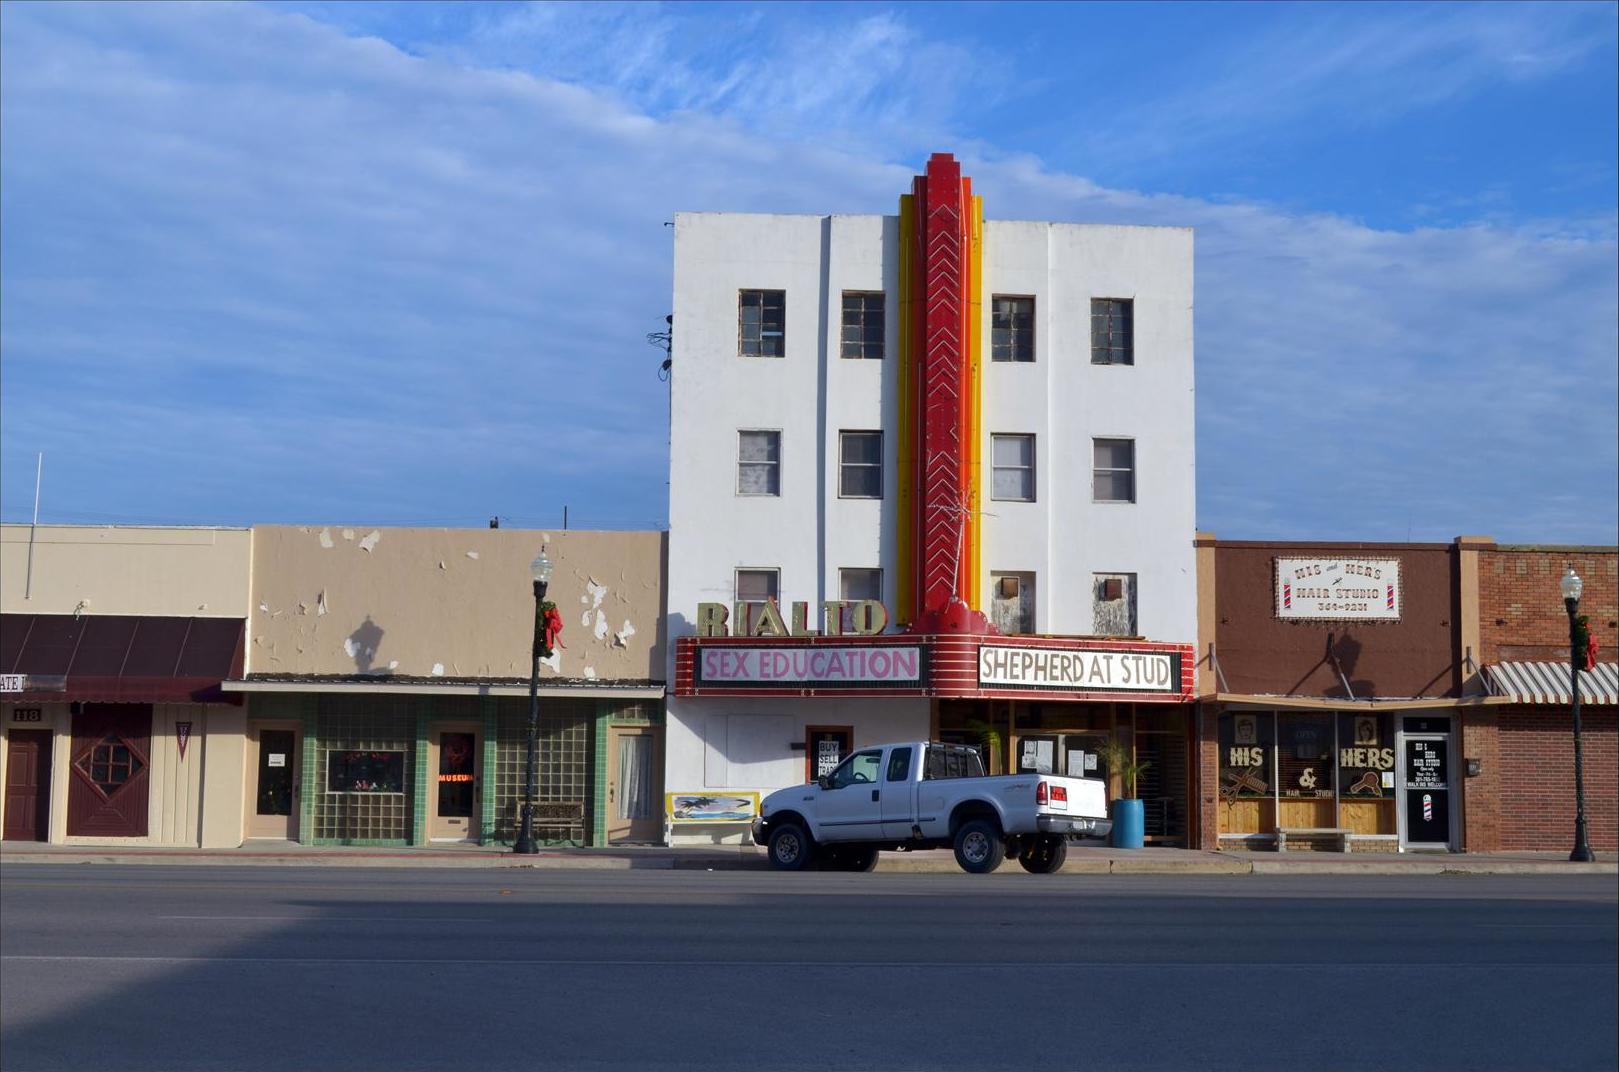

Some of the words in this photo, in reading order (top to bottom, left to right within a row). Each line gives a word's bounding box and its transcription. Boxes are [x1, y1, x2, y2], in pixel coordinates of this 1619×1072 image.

[1294, 564, 1322, 580] HIS
[1296, 587, 1330, 599] HAIR
[1335, 588, 1379, 599] STUDIO
[697, 600, 888, 637] RIALTO
[705, 651, 750, 679] SEX
[759, 650, 917, 680] EDUCATION
[981, 649, 1085, 683] SHEPHERD
[1088, 654, 1114, 684] AT
[1121, 655, 1169, 687] STUD
[15, 710, 40, 721] 118
[819, 742, 838, 752] BUY
[819, 754, 838, 764] SELL
[1230, 747, 1264, 767] HIS
[1340, 748, 1394, 770] HERS
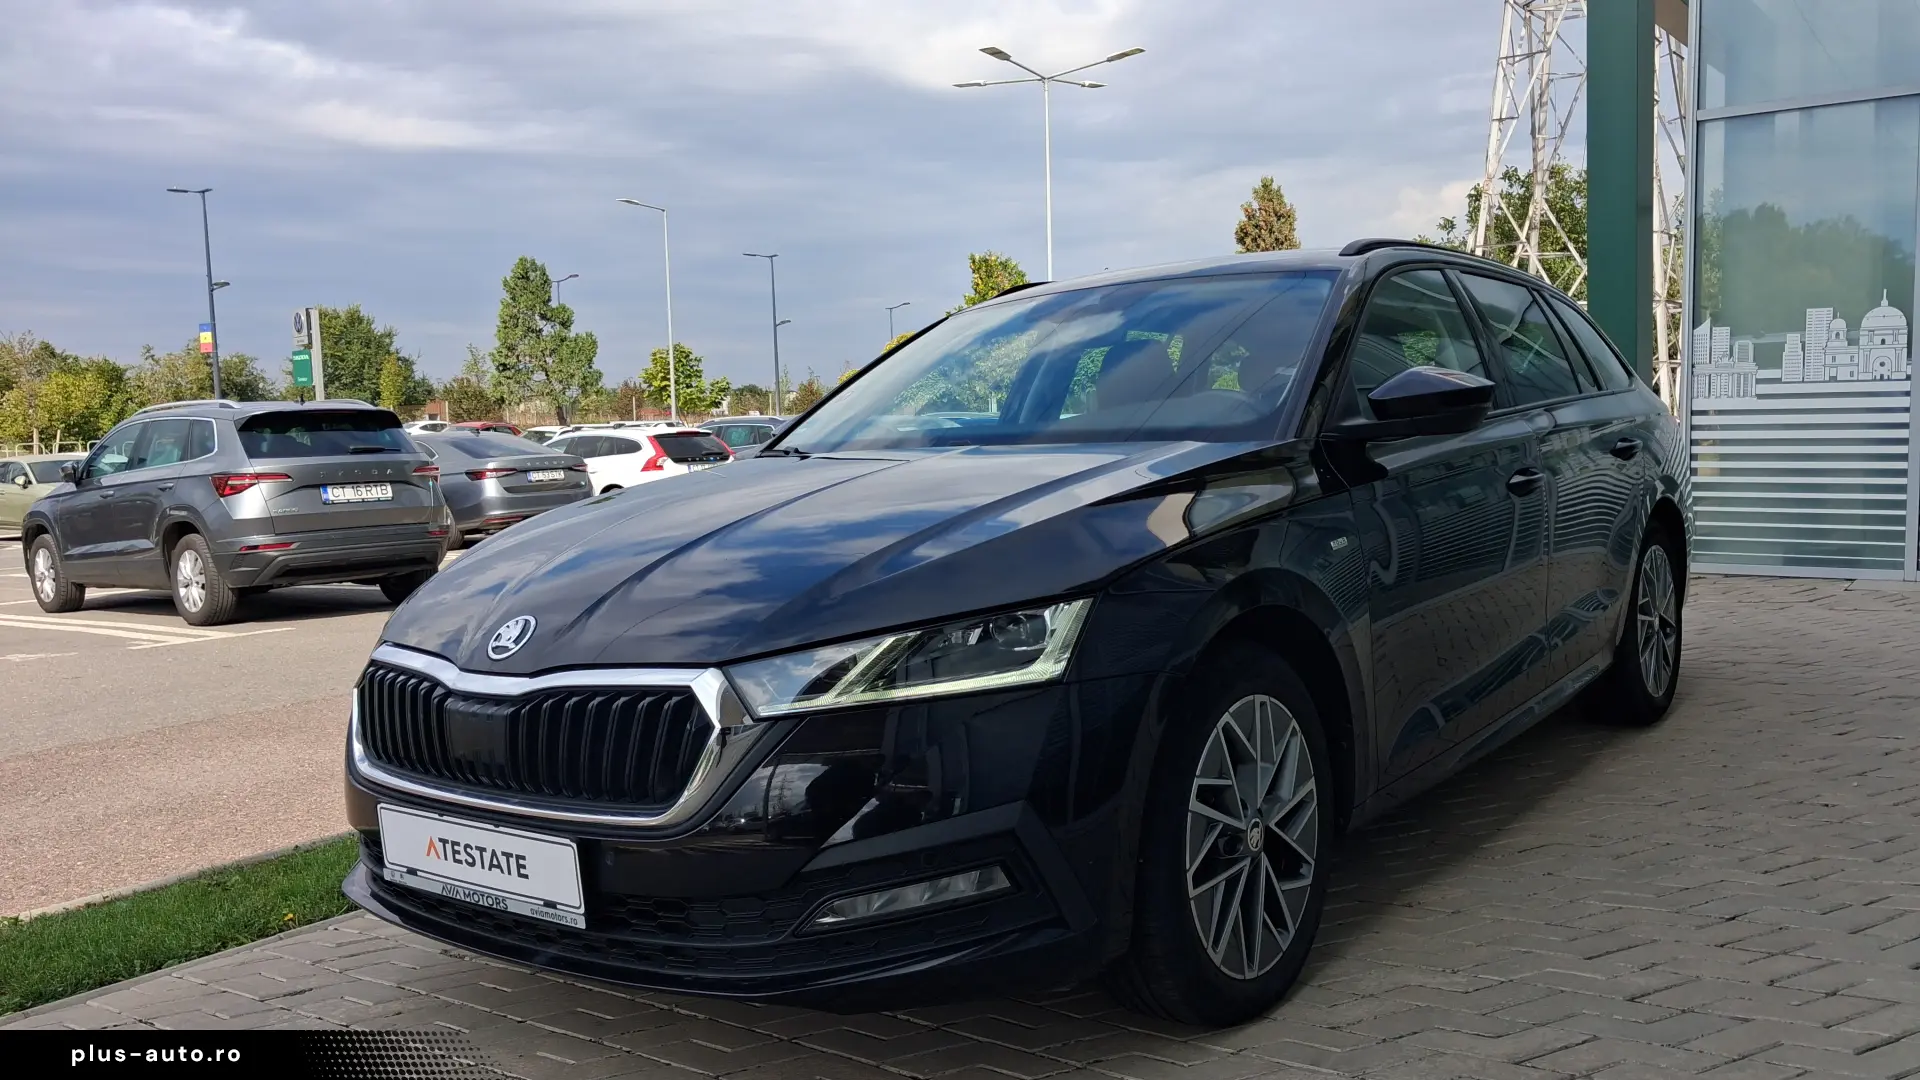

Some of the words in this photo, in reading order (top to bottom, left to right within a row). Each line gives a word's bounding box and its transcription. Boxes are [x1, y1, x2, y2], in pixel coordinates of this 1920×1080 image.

[331, 486, 346, 498] CT
[352, 485, 363, 497] 16
[364, 483, 389, 497] RTB
[426, 836, 529, 880] ATESTATE
[463, 889, 509, 911] MOTORS
[529, 906, 578, 926] aviamotors.ro
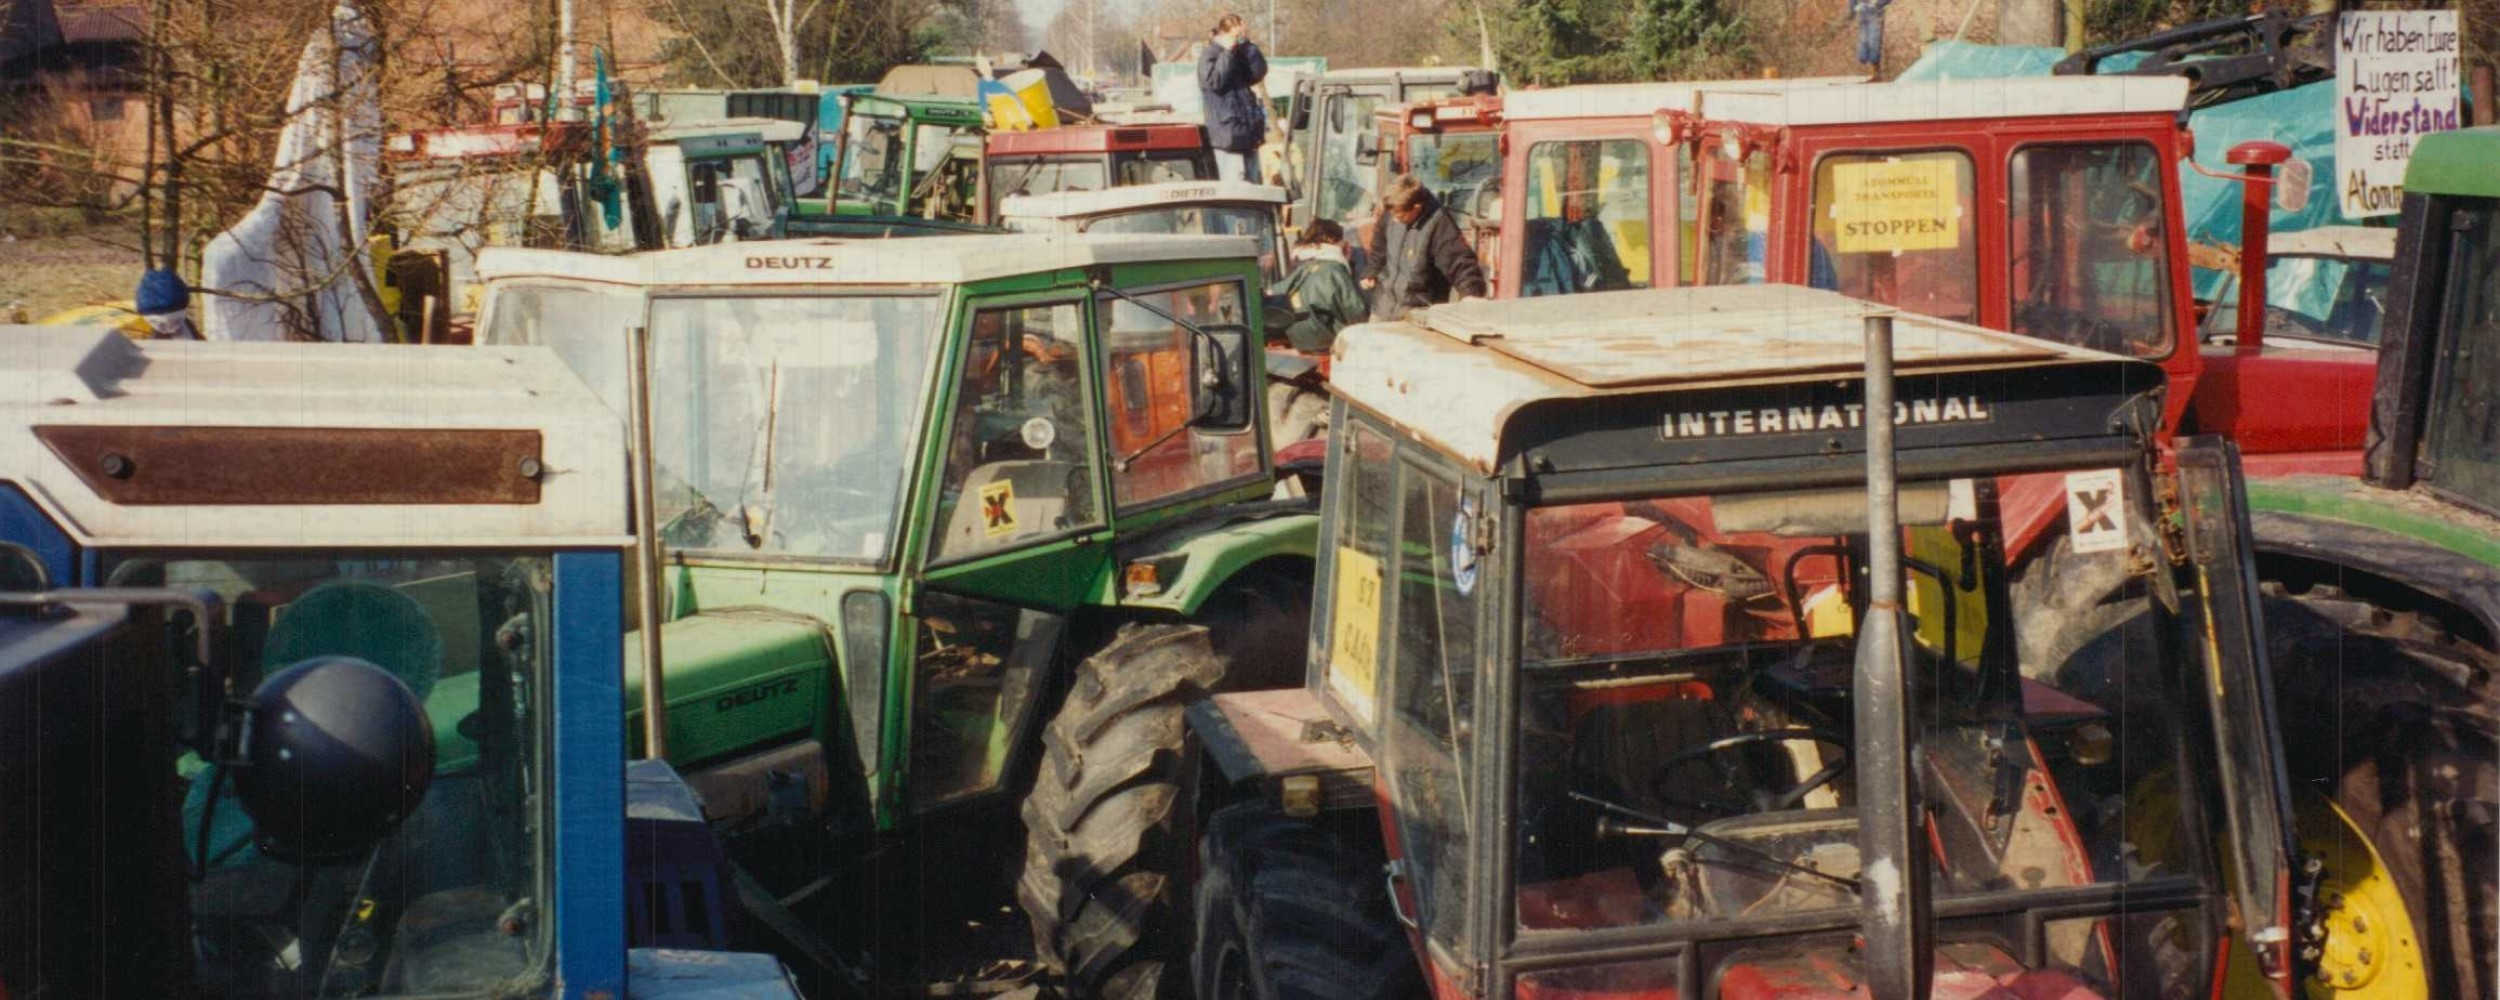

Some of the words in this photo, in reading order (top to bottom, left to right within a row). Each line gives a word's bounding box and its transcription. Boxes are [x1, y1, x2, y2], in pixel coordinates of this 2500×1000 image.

[2341, 16, 2373, 53] Wir
[2377, 16, 2425, 53] haben
[2345, 96, 2458, 136] Widerstand
[1845, 218, 1947, 236] STOPPEN
[745, 256, 834, 269] DEUTZ
[1663, 395, 1988, 438] INTERNATONAL
[716, 676, 800, 712] DEUTZ
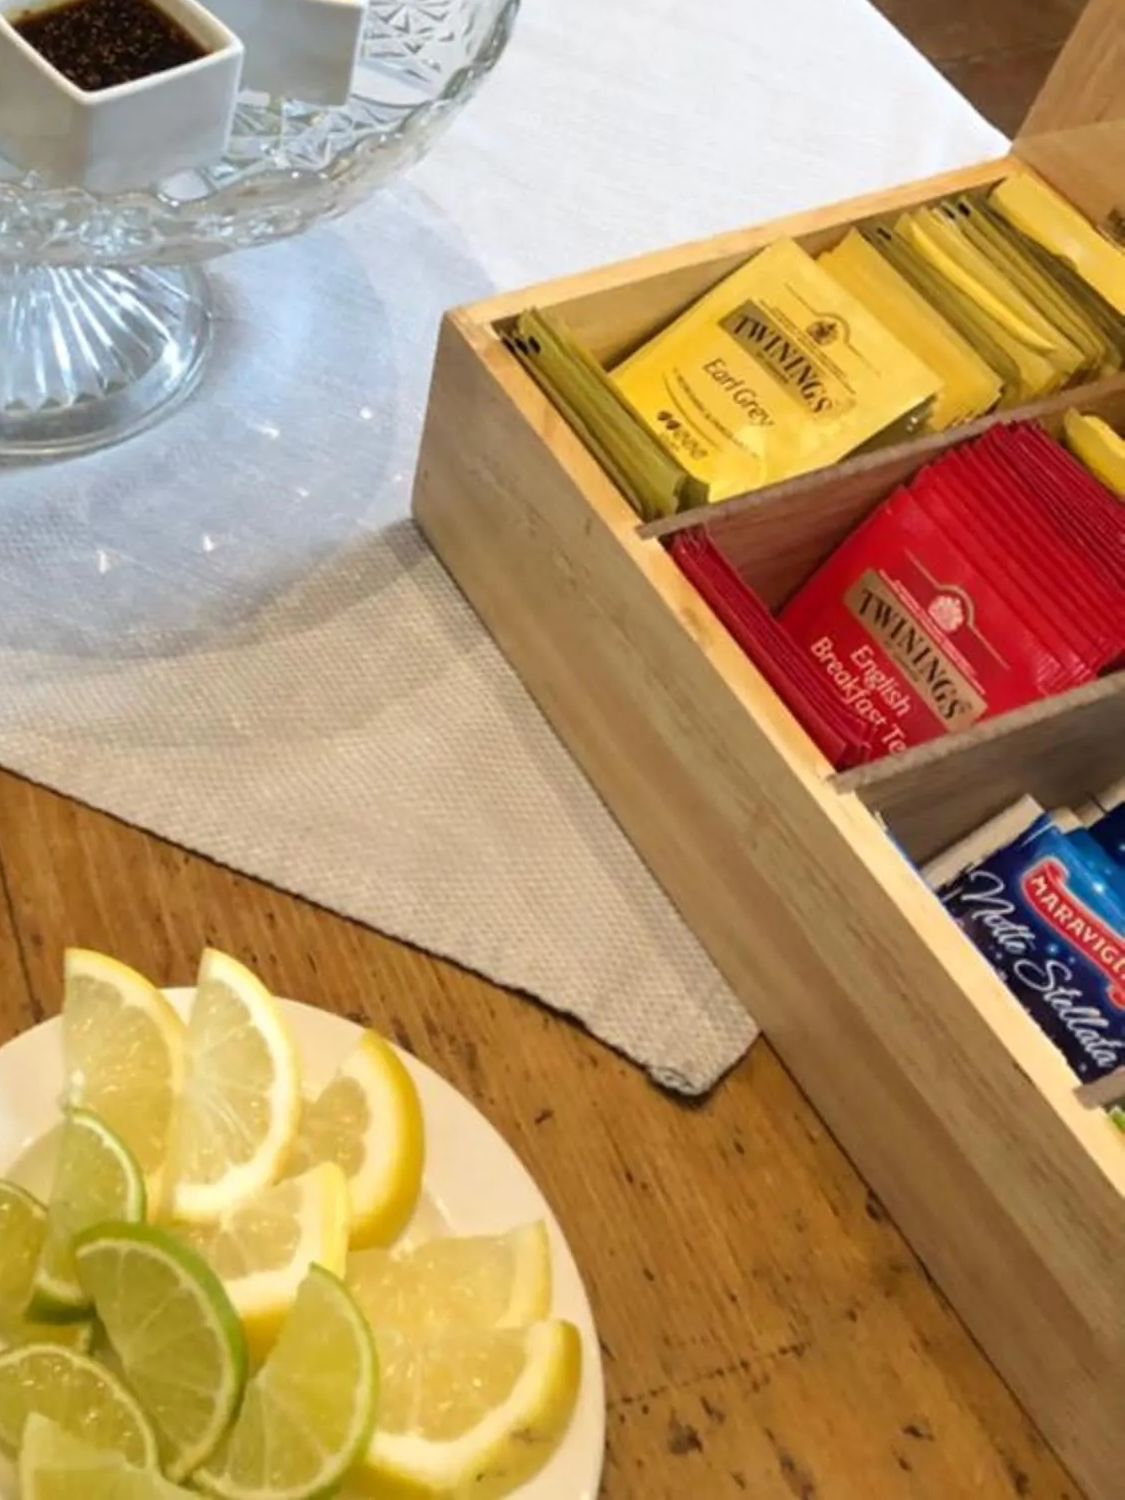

◆ What needs to be done: Starting at the line that contains "this 2500×1000 image.", output every line through the end of the data, both ends included, and nothing else; pictures stay out.

◆ Answer space:
Some of the words in this photo, in reading order (top to bottom, left to right within a row). Each line gives a word's bounding box and its transcription. Boxes are [x1, y1, x2, y2], in pixel coordinates of this 2500×1000 image.

[2341, 16, 2373, 53] Wir
[2377, 16, 2425, 53] haben
[2345, 96, 2458, 136] Widerstand
[1845, 218, 1947, 236] STOPPEN
[745, 256, 834, 269] DEUTZ
[1663, 395, 1988, 438] INTERNATONAL
[716, 676, 800, 712] DEUTZ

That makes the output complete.